Il «cunto» e l'«opra dei pupi» (Giovanni Vacca)

In Mimmo Cuticchio (un sessantottenne nato a Gela) si fondono due tradizioni: quella dell' “opra dei pupi”, che rappresentava con le tipiche marionette siciliane (“pupi”, appunto) episodi del ciclo carolingio, e quella dei “cuntastorie”, che nei loro “cunti” raccontavano ritmicamente le stesse vicende, accompagnandosi con la mimica e battendo un bastone. Cuticchio, erede di una delle più famose famiglie di pupari, ha attraverso questa contaminazione rinnovato l'arte dei suoi avi, con un risultato pregevole. L'etnomusicologo Giovanni Vacca, nell'articolo che segue, scritto per “alias” a correde di un articolo sul “puparo cuntista”, fissa le caratteristiche di codeste popolari forme d'arte. (S.L.L.)    
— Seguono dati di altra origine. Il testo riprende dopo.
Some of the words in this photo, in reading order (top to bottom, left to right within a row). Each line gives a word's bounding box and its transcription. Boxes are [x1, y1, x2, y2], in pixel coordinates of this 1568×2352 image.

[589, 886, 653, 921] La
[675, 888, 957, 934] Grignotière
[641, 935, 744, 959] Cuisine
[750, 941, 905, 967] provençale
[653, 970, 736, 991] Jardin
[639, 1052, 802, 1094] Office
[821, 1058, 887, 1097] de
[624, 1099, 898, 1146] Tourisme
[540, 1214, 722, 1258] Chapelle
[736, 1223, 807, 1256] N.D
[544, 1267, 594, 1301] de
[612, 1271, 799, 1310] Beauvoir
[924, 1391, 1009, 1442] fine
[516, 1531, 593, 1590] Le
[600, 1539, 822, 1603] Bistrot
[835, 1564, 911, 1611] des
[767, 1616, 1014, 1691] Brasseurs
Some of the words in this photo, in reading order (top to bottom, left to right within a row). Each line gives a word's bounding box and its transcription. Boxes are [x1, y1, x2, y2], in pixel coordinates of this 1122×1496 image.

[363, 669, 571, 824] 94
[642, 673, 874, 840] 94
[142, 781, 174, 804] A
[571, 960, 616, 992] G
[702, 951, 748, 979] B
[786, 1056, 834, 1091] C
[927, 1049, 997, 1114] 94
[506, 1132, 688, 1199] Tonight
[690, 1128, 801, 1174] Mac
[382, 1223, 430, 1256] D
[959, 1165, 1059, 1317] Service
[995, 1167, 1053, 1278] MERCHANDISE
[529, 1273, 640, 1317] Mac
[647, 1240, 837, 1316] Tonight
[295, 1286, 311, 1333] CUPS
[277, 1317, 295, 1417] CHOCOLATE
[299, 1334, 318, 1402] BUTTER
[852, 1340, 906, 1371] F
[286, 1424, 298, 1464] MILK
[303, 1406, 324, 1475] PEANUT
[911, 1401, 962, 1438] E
Le sei file di posti esclusivamente riservati ai bambini per lo spettacolo di pupi di Mimmo Cuticchio, per quattro giorni all’Auditorium di Roma subito dopo Natale, fanno davvero sembrare che, come per fiabe e racconti, l’infanzia sia il destinatario naturale del teatro di figura, con le sue storie fantastiche e i suoi pupi che volteggiano senza affettazione nello spazio. Ma non è sempre stato così: l’Opera dei Pupi è stata a lungo non solo uno spettacolo, e un rito, per le classi subalterne siciliane fino all’epoca del boom economico ma anche l’espressione formalizzata di un codice di comportamento, la riattivazione performativa di veri e propri archetipi mitici celati sotto le vesti dei prodi paladini di Francia, difensori dell’Europa contro la minaccia musulmana.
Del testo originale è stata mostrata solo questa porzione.